Sen. Bernie Sanders (I-Vt.) is seeing increasing support in the latest Hill/HarrisX national poll following his big win in the Nevada caucuses last weekend.
Sanders received 28 percent support among registered Democratic and Democratic-leaning independent voters in the Feb. 23-24 survey, a 6 percentage point jump from last week’s numbers.
Former New York City Mayor Michael Bloomberg overtook former Vice President Joe Biden for second place. Bloomberg ticked up 1 point from 18 percent to 19 percent, while Biden fell to 17 percent support from 19 percent.
Former South Bend, Ind., Mayor Pete Buttigieg (D) ticked up 2 points to 12 percent in the poll, while Sen. Elizabeth Warren (D-Ma.) dipped 4 points to 8 percent.
Sen. Amy Klobuchar (D-Mnn.) and venture capitalist Tom Steyer received 3 percent support each in the survey while Rep. Tulsi Gabbard (D-Hawaii) received 2 percent support.
Eight percent of voters were still unsure.
Seven Democratic presidential candidates are gathering in Charleston, S.C., on Tuesday night for the tenth Democratic debate, just a few days before the state’s primary election.

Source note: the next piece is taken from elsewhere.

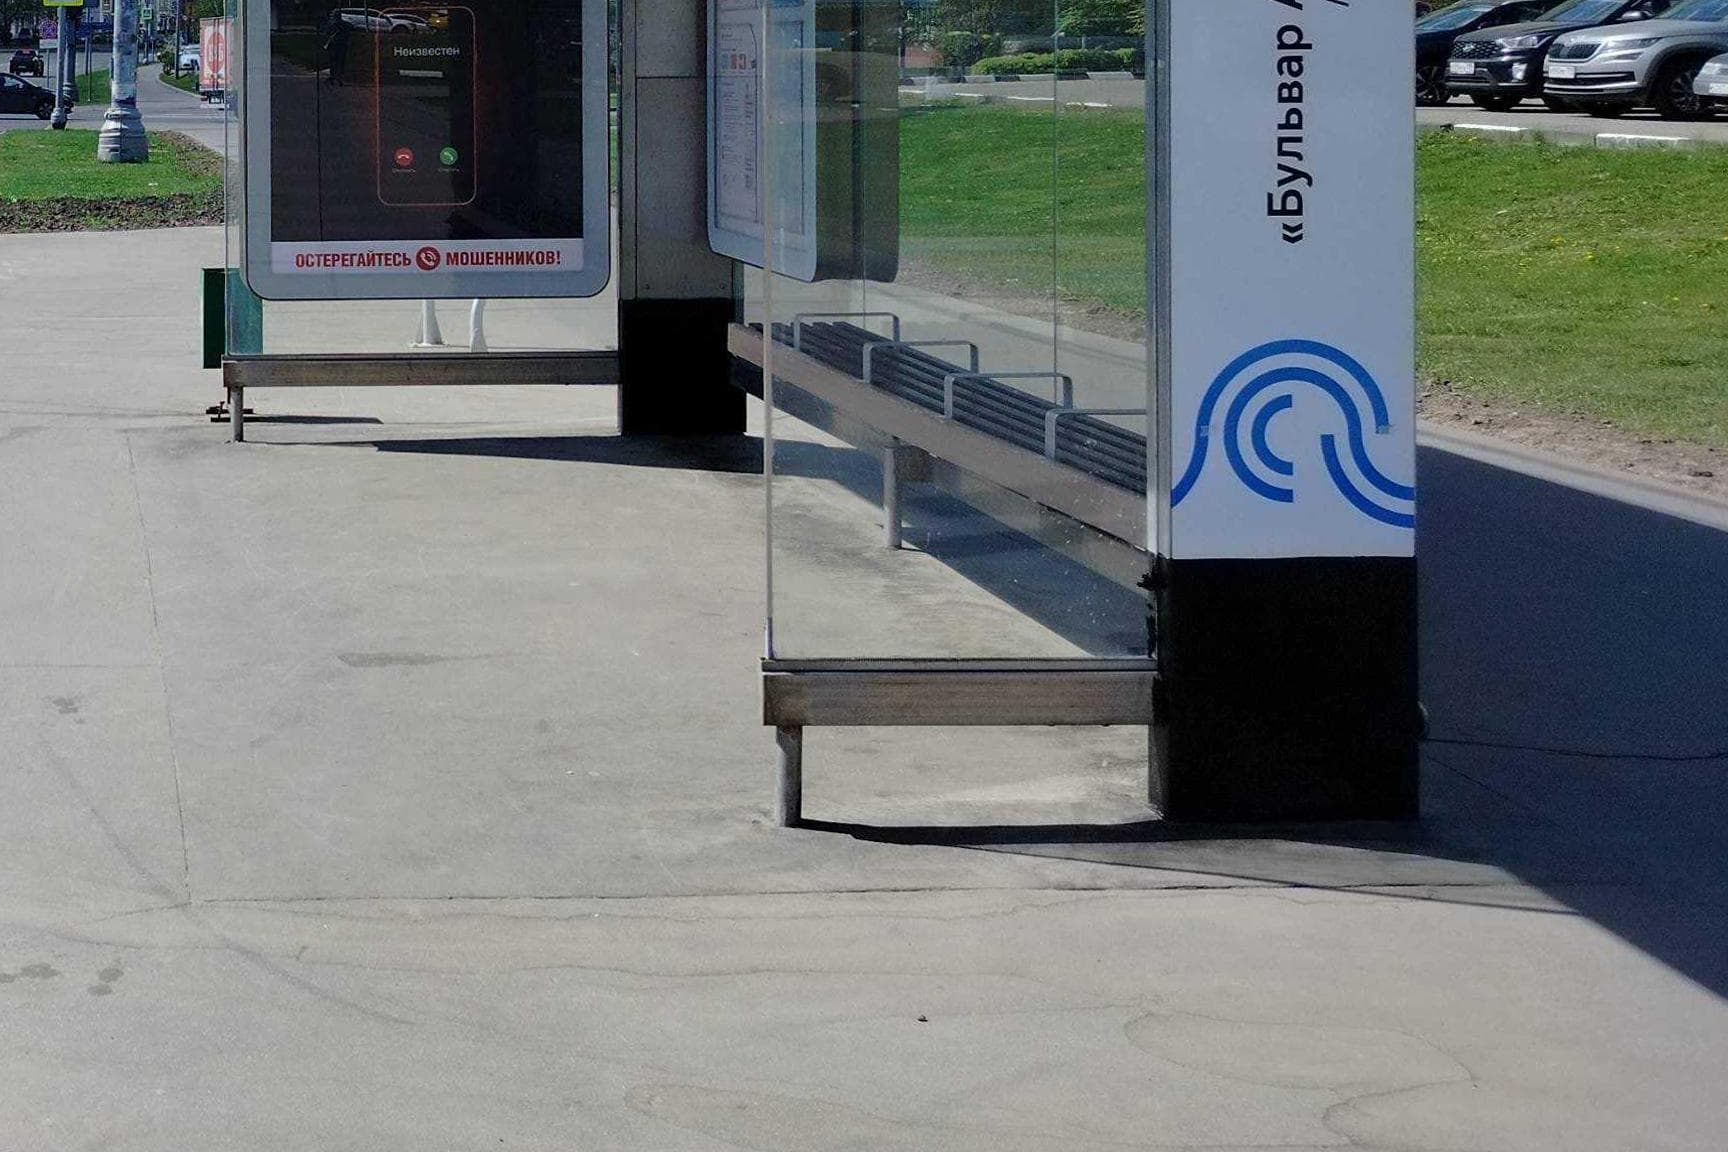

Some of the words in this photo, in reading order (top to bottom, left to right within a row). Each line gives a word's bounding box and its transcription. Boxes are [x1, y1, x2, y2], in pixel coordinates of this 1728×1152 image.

[393, 47, 460, 57] Неизвестен
[1266, 24, 1314, 245] «Бульвар
[295, 249, 411, 268] ОСТЕРЕГАЙТЕСЬ
[446, 250, 561, 266] МОШЕННИКОВ!

Biden has held a lead in polls in South Carolina, but Sanders has closed the gap, according to the latest South Carolina polls.
Though Sanders seems to be riding on post-Nevada momentum and a promising outlook heading into Super Tuesday, some experts believe the contest isn’t yet a done deal.

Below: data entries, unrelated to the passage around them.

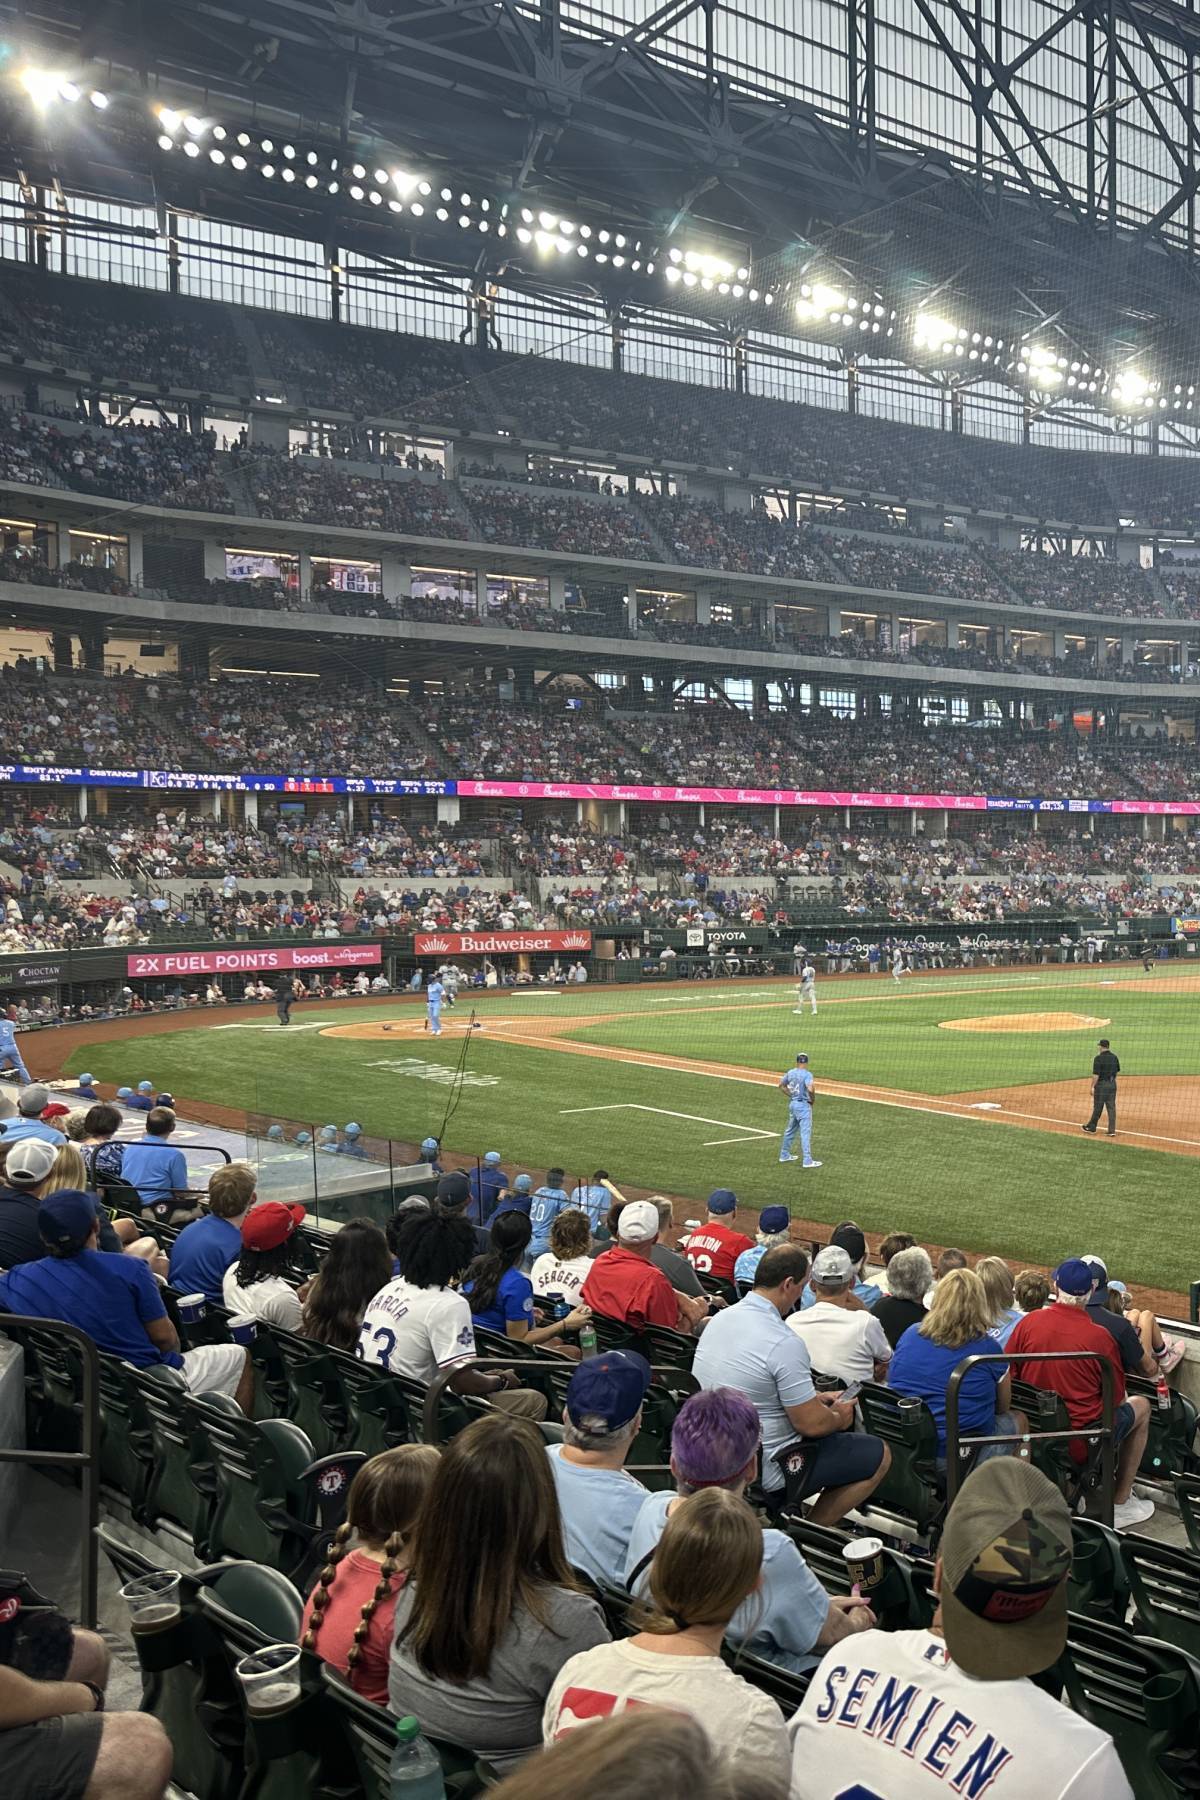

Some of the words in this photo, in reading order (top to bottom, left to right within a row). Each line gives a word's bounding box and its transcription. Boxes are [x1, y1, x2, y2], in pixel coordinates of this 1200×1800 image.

[23, 766, 46, 774] EXIT
[48, 768, 81, 776] ANGLE
[89, 769, 138, 778] DISTANCE
[168, 773, 197, 781] ALEC
[198, 774, 241, 782] MARSH
[460, 936, 551, 952] Budweiser
[707, 931, 746, 941] TOYOTA
[136, 958, 159, 973] 2X
[166, 956, 210, 971] FUEL
[216, 953, 278, 968] POINTS
[293, 951, 328, 964] boost
[23, 967, 60, 977] CHOCTAW
[530, 1203, 545, 1221] 20
[538, 1270, 580, 1290] SEAGER
[816, 1665, 1014, 1800] SEMIEN

“While Bernie is beginning to put together an impressively diverse coalition that includes a plurality of black and brown voters, his inability to attract the same level of support from white voters, older voters, and from Democrats more broadly, is the reason he seems to plateau around 30 percent in every poll,” Terrance Woodbury, Democratic pollster and Partner of Hit Strategies, told The Hill.
“With multiple well-funded candidates with the resources to remain in the race for the long haul, this is the formula for a brokered convention where no one emerges with a clear majority of delegates,” he added.
The Hill-HarrisX poll was conducted online among 470 registered Democratic and Democratic-leaning independent voters between Feb. 23 and 24. It has a margin of error of plus or minus 4.5 percentage points.